By 2035, AI learned to calculate the true cost of every decision: ecological, social, long-term. Widespread space travel gave leaders the Overview Effect, the felt sense of Earth as one connected system. Longer lifespans meant they’d live with the consequences of short-term thinking. Together, these forces exposed how the system was built to hide cascading costs. Companies shifted toward real stewardship because exploitation became impossible to hide and irrational to continue.
Solves a calculation failure, not just a perception failure. Systemic interconnection, how everything cascades, had no language in capitalism’s KPI-driven metrics. Quantum-powered AI maps externalities as real numbers, stress-tests scenarios, and reveals true system costs.
Tool AI: powerful but under human direction. It was developed primarily by corporations, but a critical shift occurred when a new generation of leaders, shaped by the Overview Effect and advances in health and longevity, began demanding AI that revealed systemic consequences rather than optimized short-term extraction. Governments lagged behind; coalitions of transformed corporate leaders, scientists, and civil society created the standards that shaped how this Tool AI was built and deployed.
The Systemic Impact Standard (SIS): a reporting framework, initially adopted voluntarily by stewardship-oriented corporations and later codified into law, requiring companies to disclose the true ecological and social cost of their decisions alongside financial earnings. It emerged from corporate practice, then became the baseline expectation across industries and governments by 2035.

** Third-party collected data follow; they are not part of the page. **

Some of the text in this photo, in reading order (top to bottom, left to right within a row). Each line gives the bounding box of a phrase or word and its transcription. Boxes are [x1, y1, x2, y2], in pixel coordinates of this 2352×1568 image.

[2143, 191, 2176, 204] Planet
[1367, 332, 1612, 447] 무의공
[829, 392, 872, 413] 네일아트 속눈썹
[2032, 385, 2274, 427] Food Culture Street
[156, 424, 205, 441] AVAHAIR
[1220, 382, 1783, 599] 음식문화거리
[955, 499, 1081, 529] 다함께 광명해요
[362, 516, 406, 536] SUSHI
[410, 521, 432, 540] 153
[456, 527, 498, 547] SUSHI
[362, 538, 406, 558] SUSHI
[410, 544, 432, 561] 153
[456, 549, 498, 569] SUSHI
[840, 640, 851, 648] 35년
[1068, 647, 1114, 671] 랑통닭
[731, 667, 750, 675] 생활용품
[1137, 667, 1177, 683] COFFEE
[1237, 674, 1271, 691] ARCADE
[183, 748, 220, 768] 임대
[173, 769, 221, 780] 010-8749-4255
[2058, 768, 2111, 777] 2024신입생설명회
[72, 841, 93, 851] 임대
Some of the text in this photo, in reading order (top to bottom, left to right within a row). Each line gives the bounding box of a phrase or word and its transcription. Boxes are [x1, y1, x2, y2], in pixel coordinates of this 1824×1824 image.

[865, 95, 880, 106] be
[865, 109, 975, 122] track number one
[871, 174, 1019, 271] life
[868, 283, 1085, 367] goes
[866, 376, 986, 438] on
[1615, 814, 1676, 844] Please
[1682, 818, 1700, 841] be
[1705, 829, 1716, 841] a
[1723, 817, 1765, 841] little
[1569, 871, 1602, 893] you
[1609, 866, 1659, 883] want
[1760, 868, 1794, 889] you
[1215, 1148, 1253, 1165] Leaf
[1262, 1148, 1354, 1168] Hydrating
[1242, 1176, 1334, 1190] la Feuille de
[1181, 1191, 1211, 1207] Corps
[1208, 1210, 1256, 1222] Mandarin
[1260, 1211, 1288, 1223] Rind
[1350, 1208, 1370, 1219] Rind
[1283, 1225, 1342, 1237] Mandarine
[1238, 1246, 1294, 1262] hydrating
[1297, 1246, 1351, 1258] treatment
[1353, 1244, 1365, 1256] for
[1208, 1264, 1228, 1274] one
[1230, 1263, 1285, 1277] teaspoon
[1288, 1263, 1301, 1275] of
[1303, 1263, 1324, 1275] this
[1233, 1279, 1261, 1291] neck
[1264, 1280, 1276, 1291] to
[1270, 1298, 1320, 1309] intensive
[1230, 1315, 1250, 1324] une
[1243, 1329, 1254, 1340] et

AI learned to price what markets had always ignored: ecosystem services, sustainability, social stability, long-term cost, turning “externalities” into real, measurable line items. This didn’t happen through new taxes, but through corporations voluntarily adopting price mechanisms that reflected true cost. Once exploitation showed up as a number on a balance sheet, it became impossible to rationalize away.
When AI began surfacing systemic truths, large corporations responded with denial, trying to alter the calculations. These institutions collapsed, but they were global infrastructure: transport, energy. When they failed simultaneously, interdependence became undeniable. Unrest erupted on a destabilized planet. Recovery came through results, not regulation: companies that acted on AI’s calculations outperformed those that dismissed them. Empirical proof succeeded where argument had failed.